In either case, we are "passing a reference by value".
yes. but passing null class will not allow to call it's methods, and
passing null array will. i.e.

  auto foo (MyClass a) { return a.length; }

will crash if length is not a static method (and it can't be static) and foo is called like this: foo(null). but the same call will work for
'int[]'.

so user can assume that 'int[]' is something similar to class, and it's perfectly ok to use int[] methods, and '~=' is just the overloaded
method, which should change contents of passed dynarray. again,
overloaded '~=' will work for class (more or less), but will
inevitably fail (i.e. will not change passed arg) for dynarray.

and it's clear that 'a = new MyClass()' creates new object. and it's
not clear at all that 'a ~= 42' creates new object too. it's
counterintuitive.

that's why i think that we need new term.
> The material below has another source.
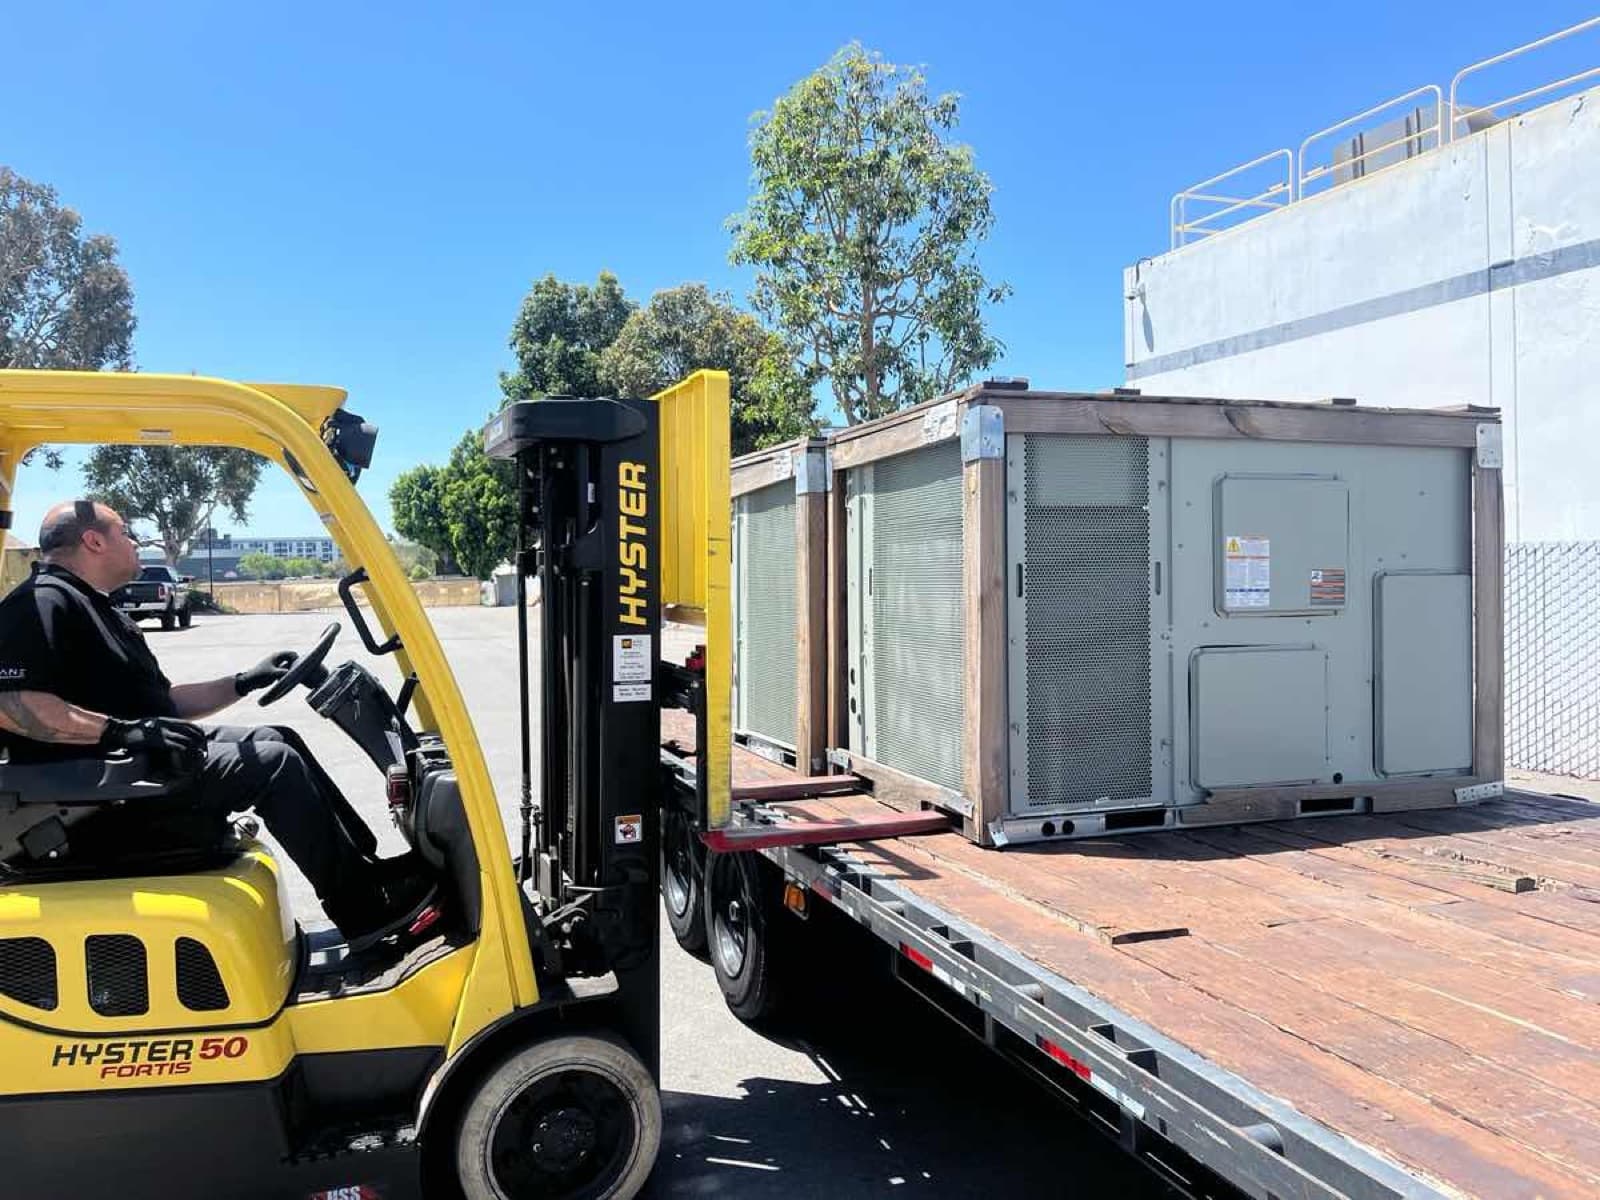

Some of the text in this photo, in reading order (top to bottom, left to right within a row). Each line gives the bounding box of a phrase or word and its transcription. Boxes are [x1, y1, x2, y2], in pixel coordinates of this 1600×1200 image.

Well, this is just one case of a general confusion that classes and dynamic arrays already share, by virtue of having hidden reference semantics (i.e. the "." operator dereferences in some cases and not in others, sometimes surprising novices).

You can see this in the existing array doc (http://dlang.org/arrays)
where it describes the "sizeof" property for dynamic arrays.
sizeof returns the size of the "dynamic array reference". A novice might expect it to return the size of the pointed-to array, to act more like the static-array case.